§ **ACTIVITY**: From the first line to the last, repeat the data exactly but leave out the pictures.

§ **DATA SECTION**:

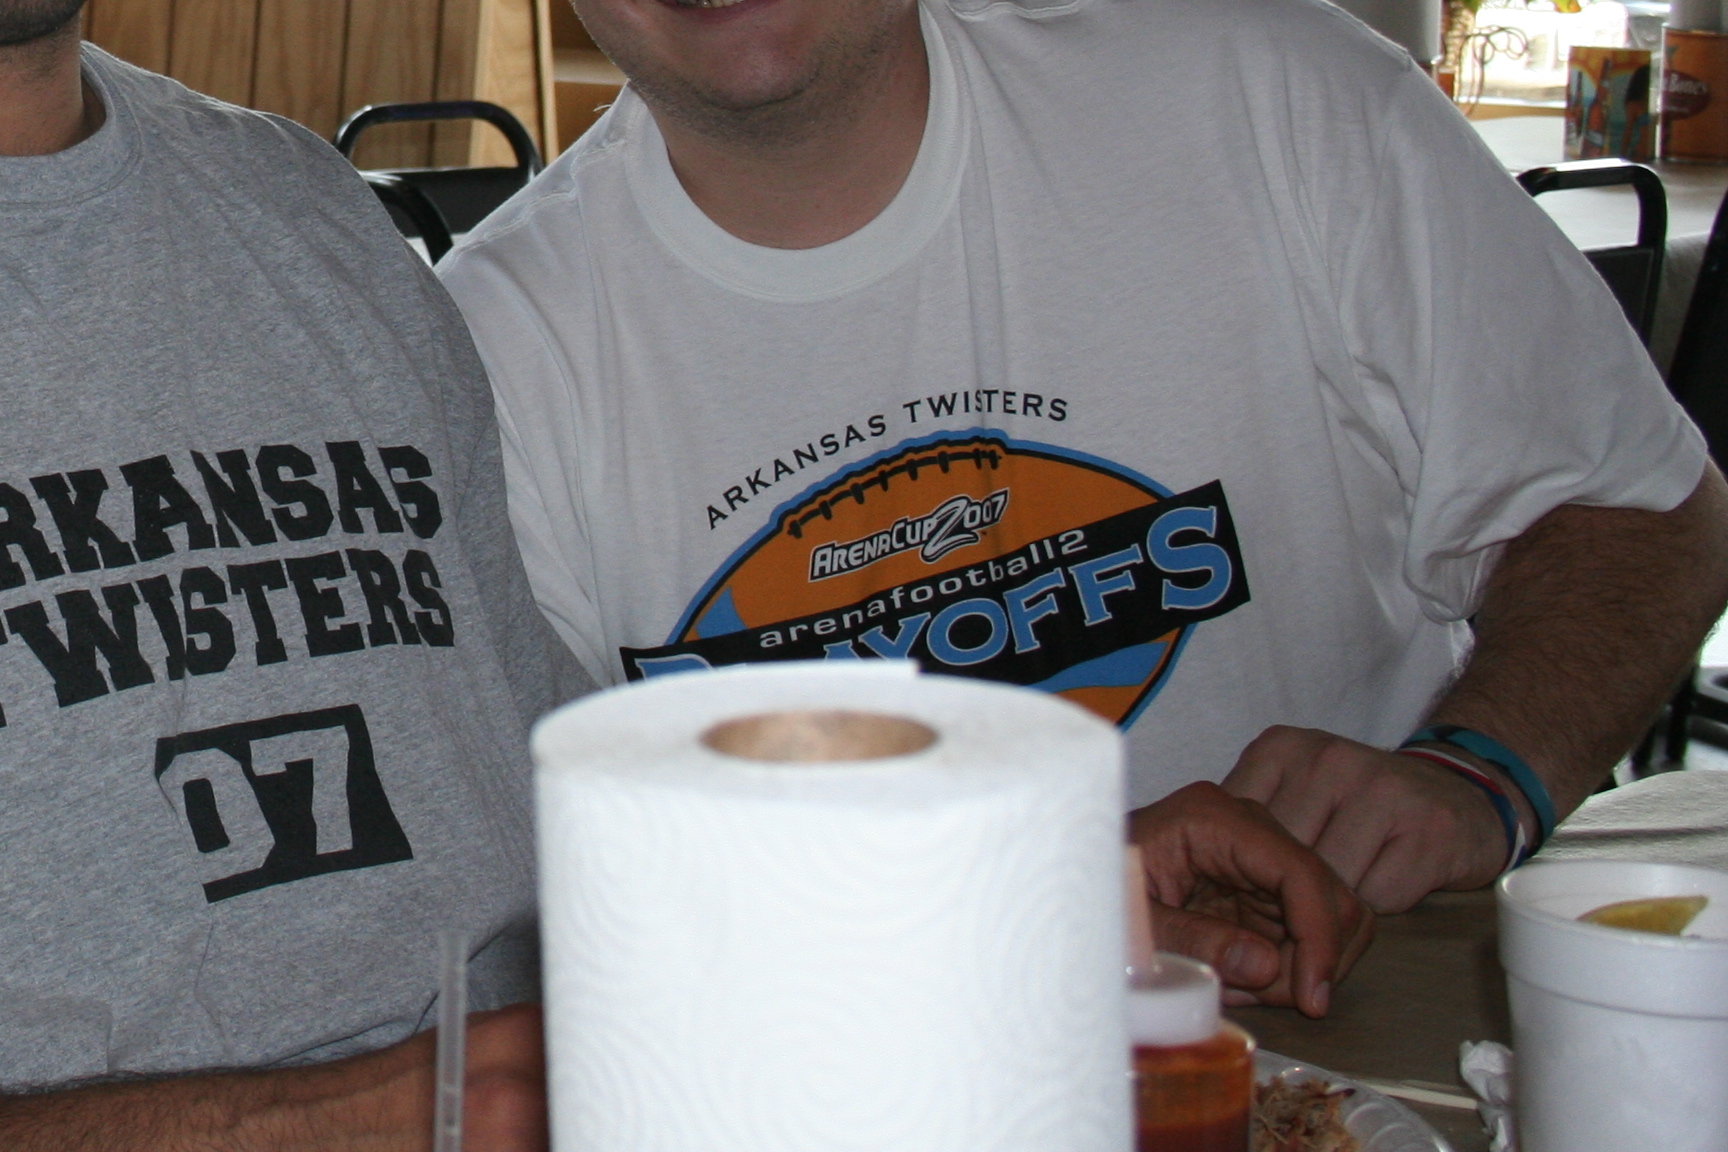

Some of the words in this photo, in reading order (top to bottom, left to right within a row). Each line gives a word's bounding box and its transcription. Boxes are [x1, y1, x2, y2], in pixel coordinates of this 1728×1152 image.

[706, 414, 887, 530] ARKANSAS
[903, 389, 1068, 423] TWISTERS
[634, 506, 1232, 680] YOFFS
[759, 529, 1088, 649] arenafootball2
[158, 724, 356, 872] 07
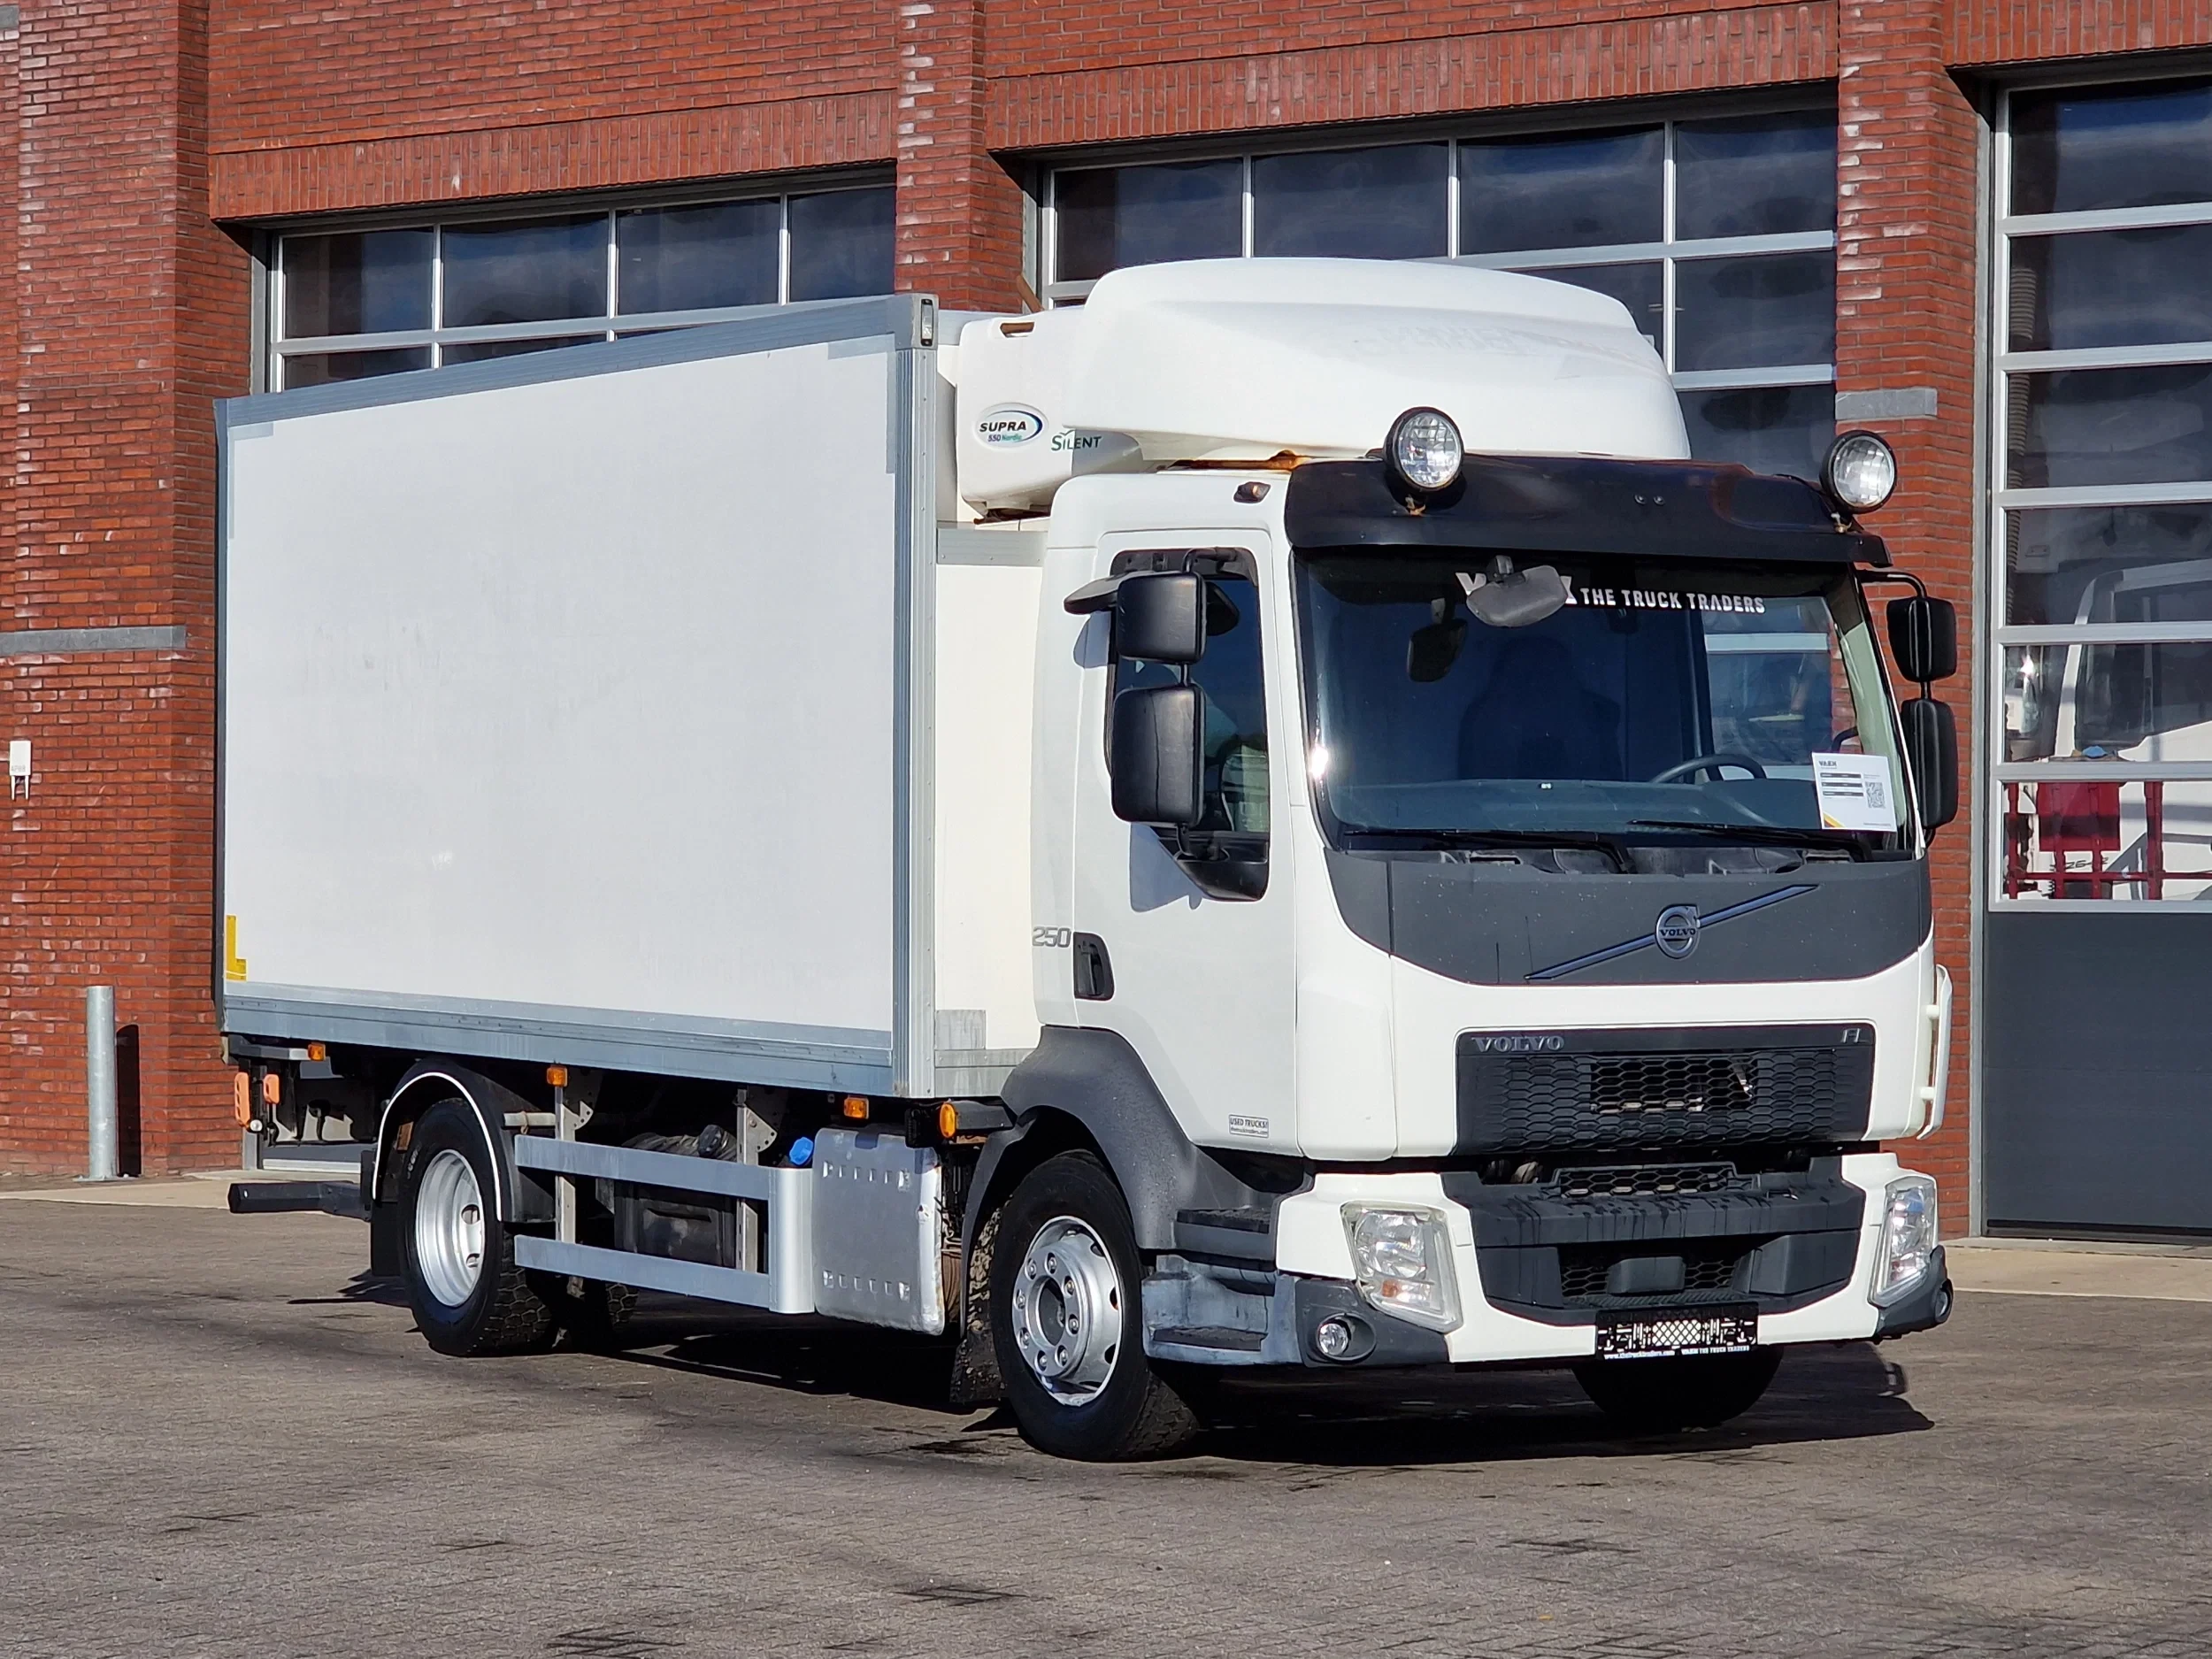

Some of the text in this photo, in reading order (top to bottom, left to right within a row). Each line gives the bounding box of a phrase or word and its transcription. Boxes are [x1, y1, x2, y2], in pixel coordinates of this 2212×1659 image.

[979, 420, 1027, 434] SUPRA
[987, 434, 1002, 442] 550
[1579, 587, 1617, 606] THE
[1621, 588, 1683, 609] TRUCK
[1686, 593, 1766, 614] TRADERS
[1032, 926, 1071, 948] 250
[1471, 1034, 1564, 1053] VOLVO
[1840, 1027, 1870, 1044] FL
[1230, 1118, 1244, 1126] USED

§ **OUTPUT**:
Some of the words in this photo, in reading order (top to bottom, left to right within a row). Each line gives a word's bounding box and its transcription. Boxes are [x1, y1, x2, y2], in pixel coordinates of this 1728×1152 image.

[706, 414, 887, 530] ARKANSAS
[903, 389, 1068, 423] TWISTERS
[634, 506, 1232, 680] YOFFS
[759, 529, 1088, 649] arenafootball2
[158, 724, 356, 872] 07

Some of the text in this photo, in reading order (top to bottom, left to right within a row). Each line gives the bounding box of a phrase or word and its transcription. Boxes are [x1, y1, x2, y2], in pixel coordinates of this 2212×1659 image.

[979, 420, 1027, 434] SUPRA
[987, 434, 1002, 442] 550
[1579, 587, 1617, 606] THE
[1621, 588, 1683, 609] TRUCK
[1686, 593, 1766, 614] TRADERS
[1032, 926, 1071, 948] 250
[1471, 1034, 1564, 1053] VOLVO
[1840, 1027, 1870, 1044] FL
[1230, 1118, 1244, 1126] USED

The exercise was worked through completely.